◆ What you should do ◆
Although the records contain pictures, only their text should be reproduced, exactly as written.

◆ Source data ◆

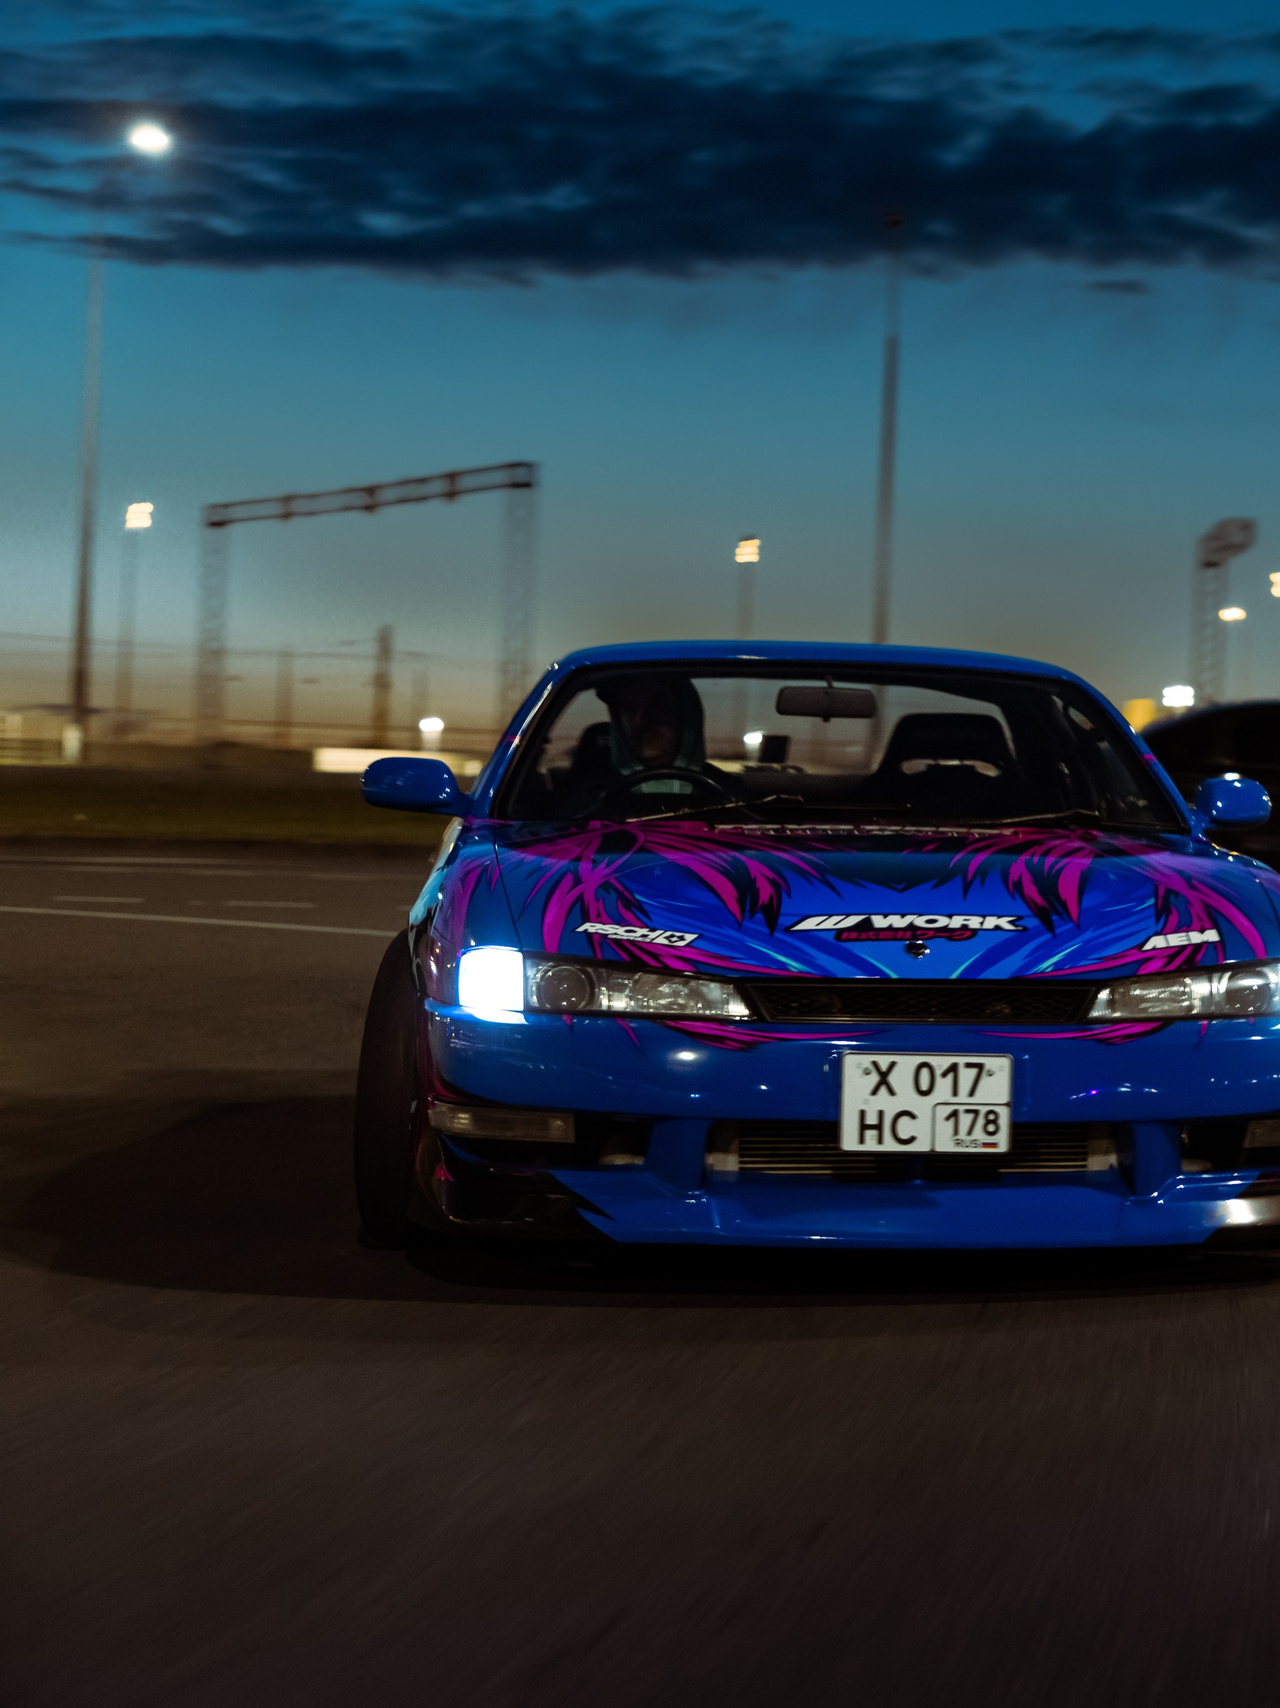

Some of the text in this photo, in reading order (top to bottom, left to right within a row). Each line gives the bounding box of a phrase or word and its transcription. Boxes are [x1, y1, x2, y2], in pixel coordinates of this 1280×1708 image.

[1141, 928, 1221, 951] AEM
[914, 1061, 985, 1098] 017
[944, 1109, 1000, 1136] 178
[953, 1138, 981, 1149] RUS
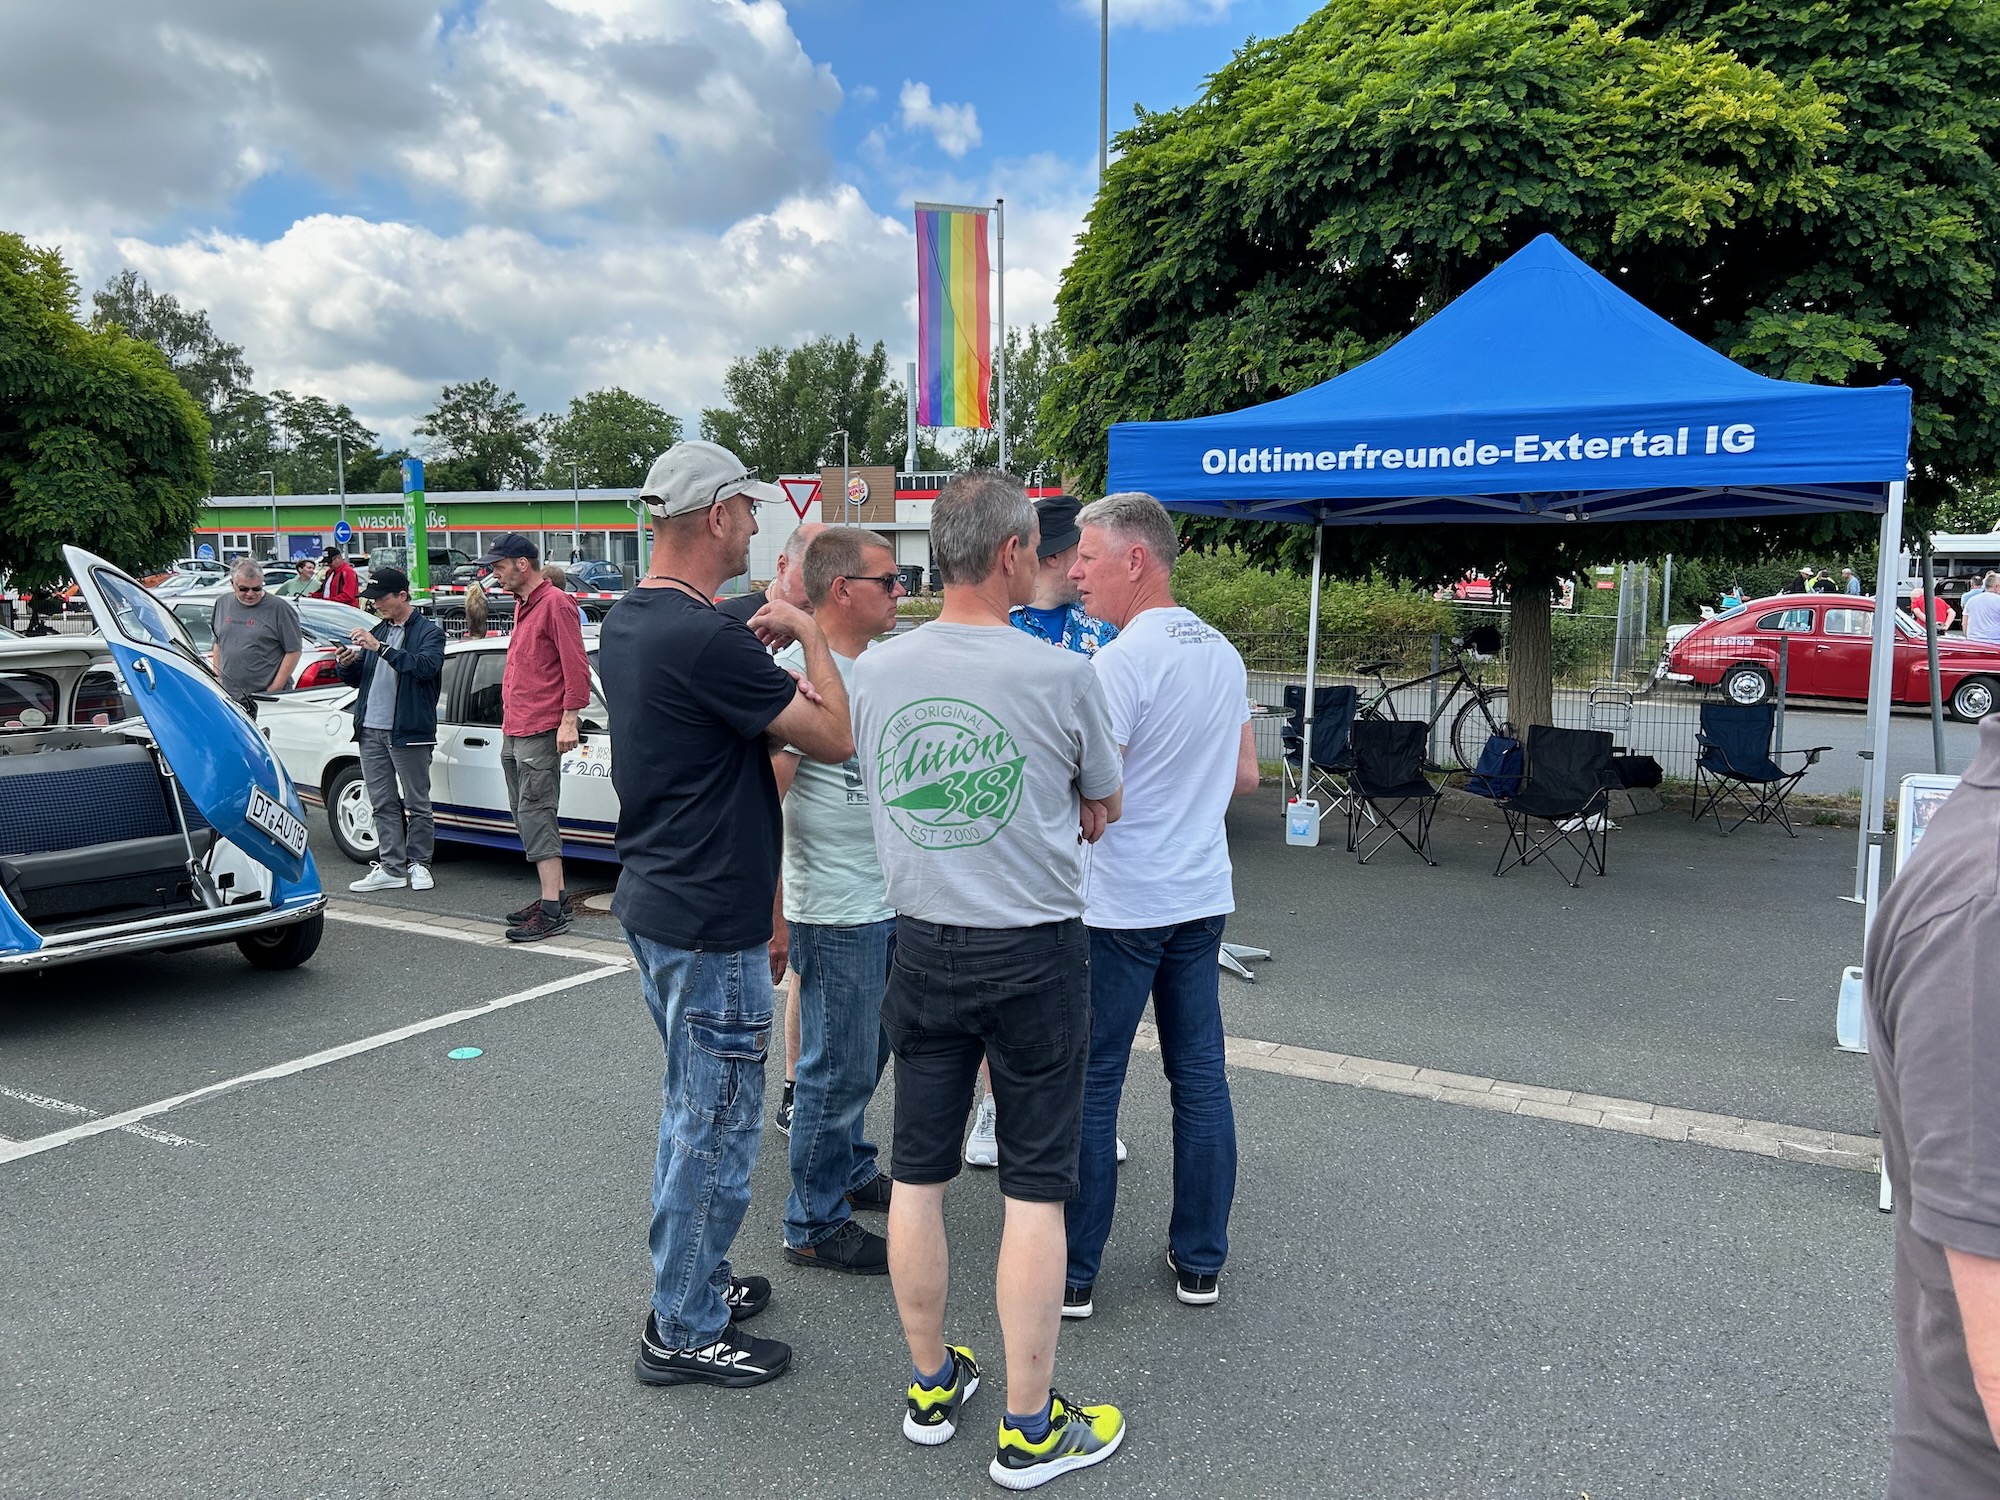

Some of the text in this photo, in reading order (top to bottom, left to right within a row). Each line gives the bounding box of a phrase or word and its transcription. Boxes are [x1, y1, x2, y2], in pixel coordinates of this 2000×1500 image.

[1202, 423, 1755, 474] Oldtimerfreunde-Extertal IG
[358, 510, 447, 529] waschße
[888, 705, 984, 738] THE ORIGINAL
[877, 730, 1013, 797] Edition
[252, 793, 272, 823] DT
[847, 793, 870, 802] RE
[934, 764, 1015, 823] 38
[910, 825, 981, 843] EST 2000
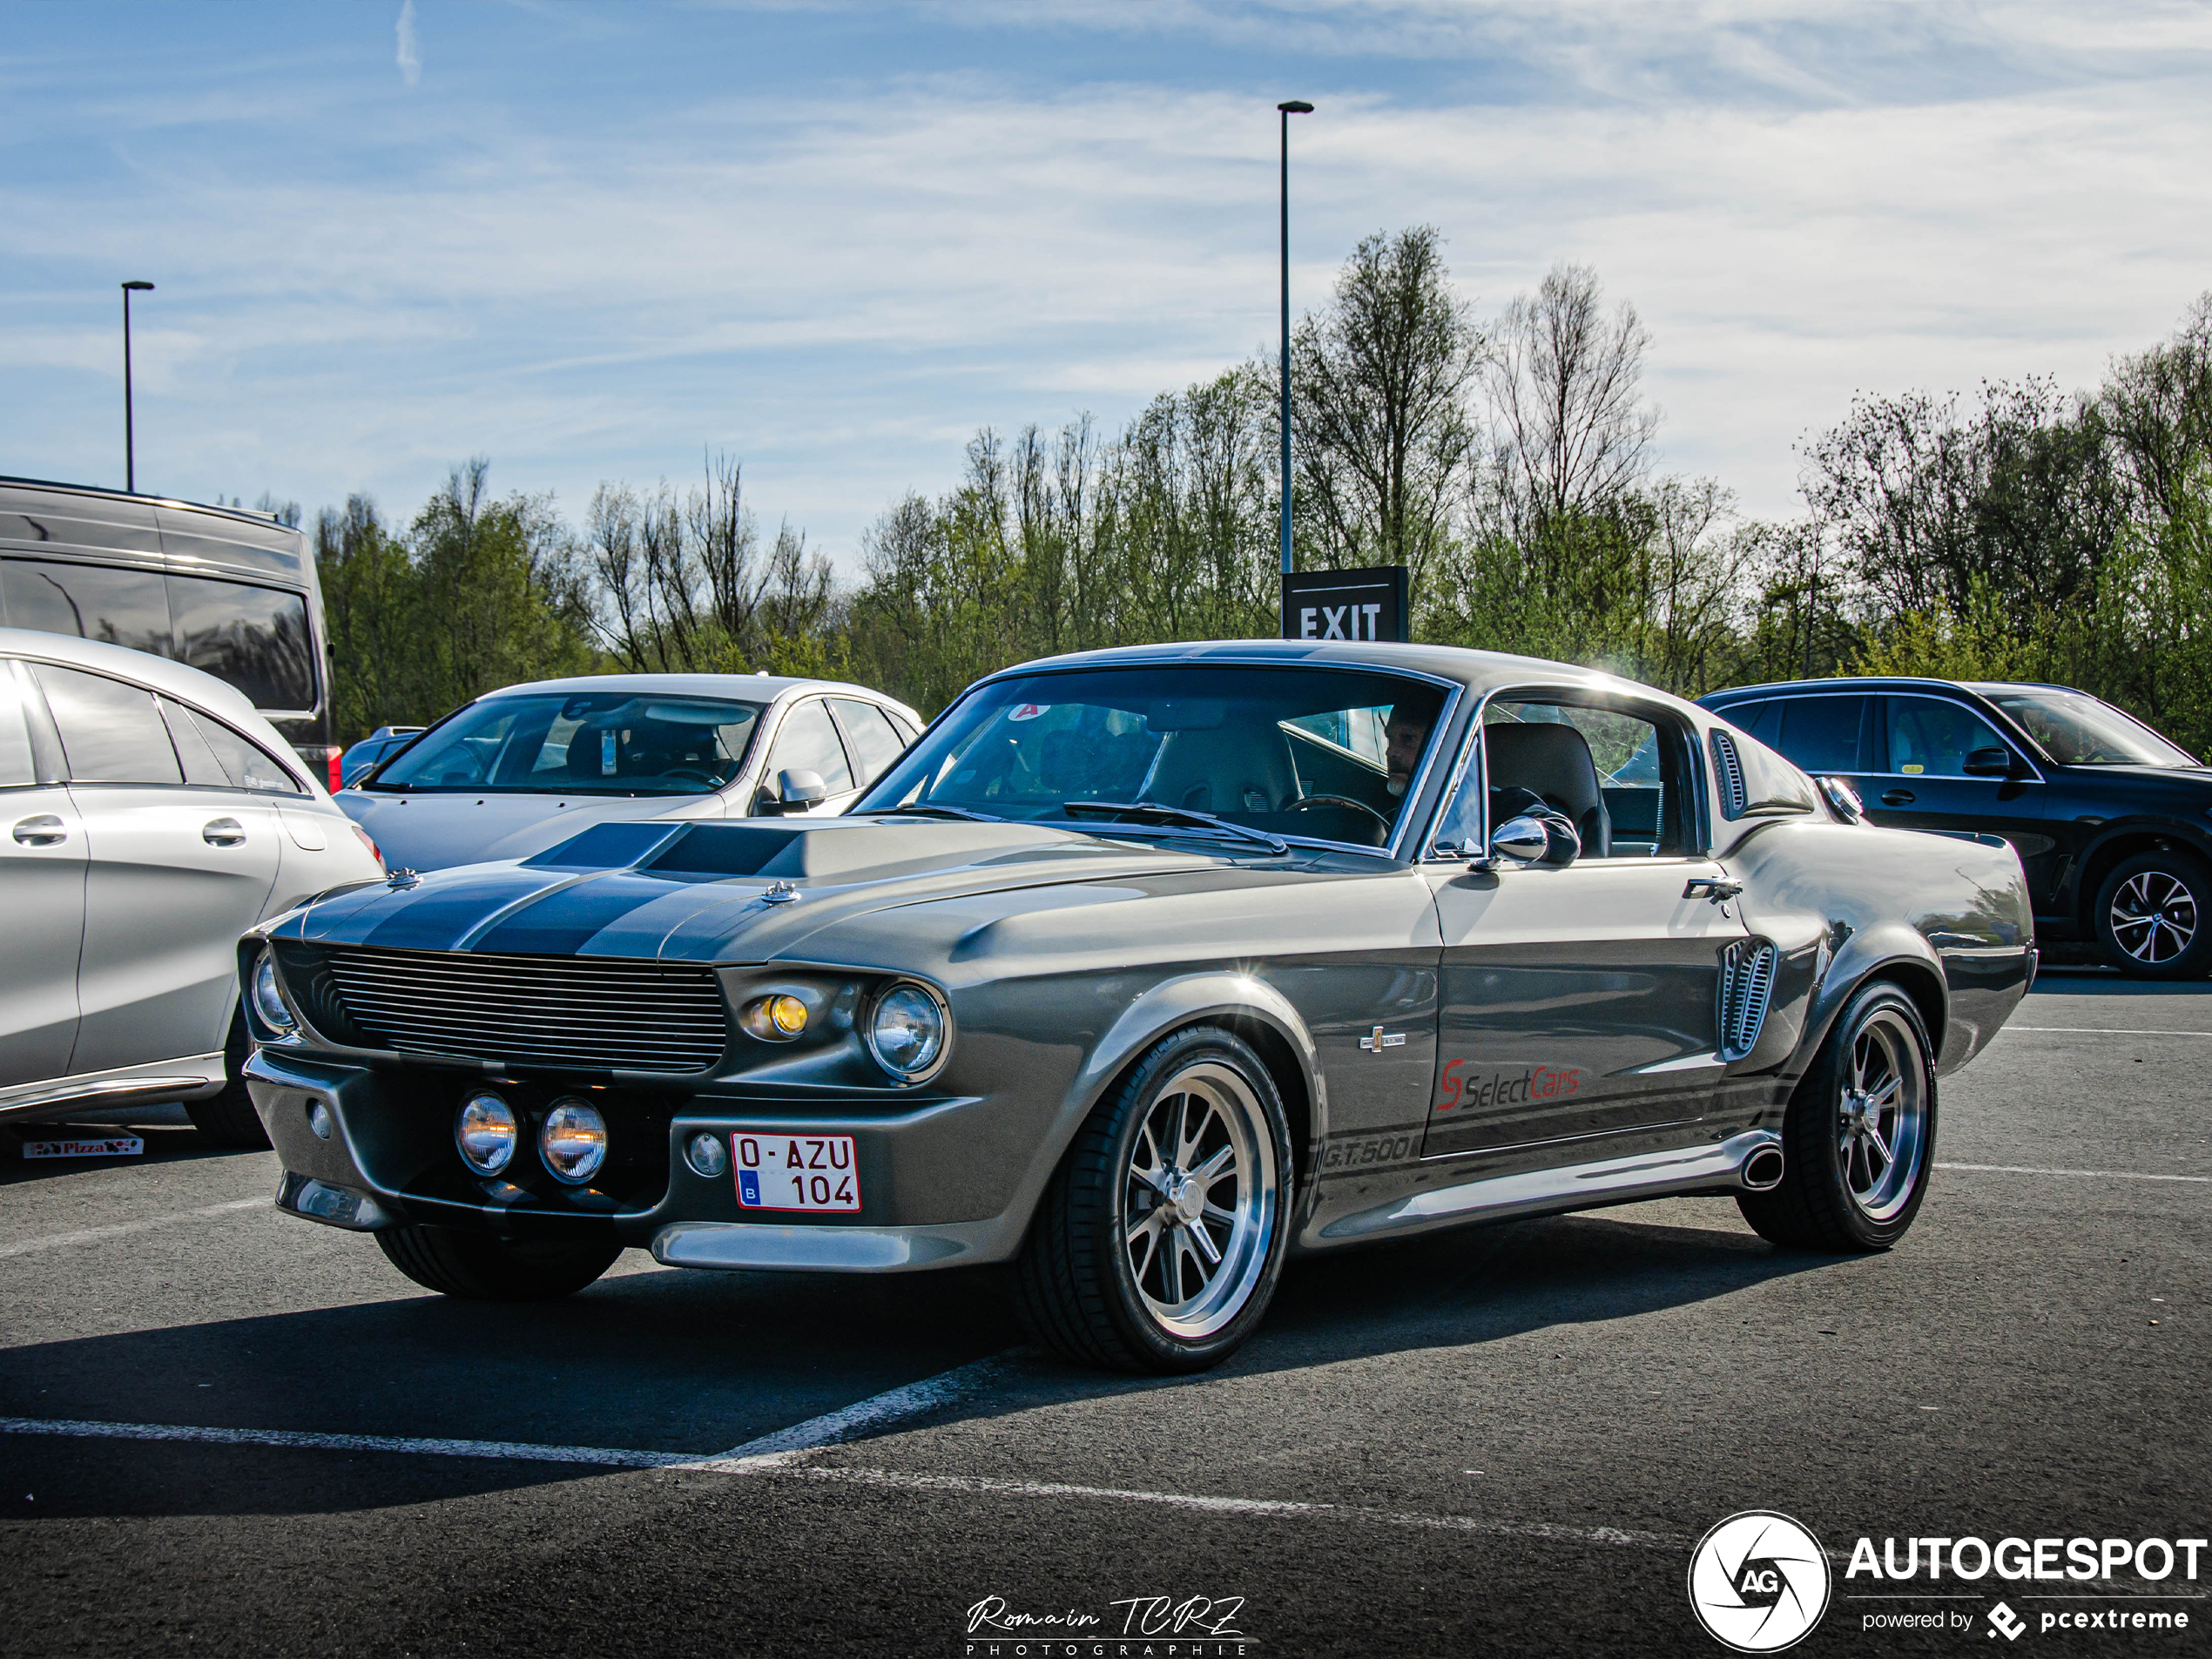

◆ Answer section ◆
Some of the text in this photo, in reading order (top to bottom, left to right within a row). Each line gives the bounding box of a phrase or word and its transcription. Boxes are [x1, y1, x2, y2], in pixel coordinates of this 1280×1708 image.

[1141, 928, 1221, 951] AEM
[914, 1061, 985, 1098] 017
[944, 1109, 1000, 1136] 178
[953, 1138, 981, 1149] RUS

Some of the text in this photo, in reading order (top to bottom, left to right within a row). Each line gives the bounding box of a phrase or word and its transcription. Boxes are [x1, y1, x2, y2], in pixel coordinates of this 2000×1500 image.

[1202, 423, 1755, 474] Oldtimerfreunde-Extertal IG
[358, 510, 447, 529] waschße
[888, 705, 984, 738] THE ORIGINAL
[877, 730, 1013, 797] Edition
[252, 793, 272, 823] DT
[847, 793, 870, 802] RE
[934, 764, 1015, 823] 38
[910, 825, 981, 843] EST 2000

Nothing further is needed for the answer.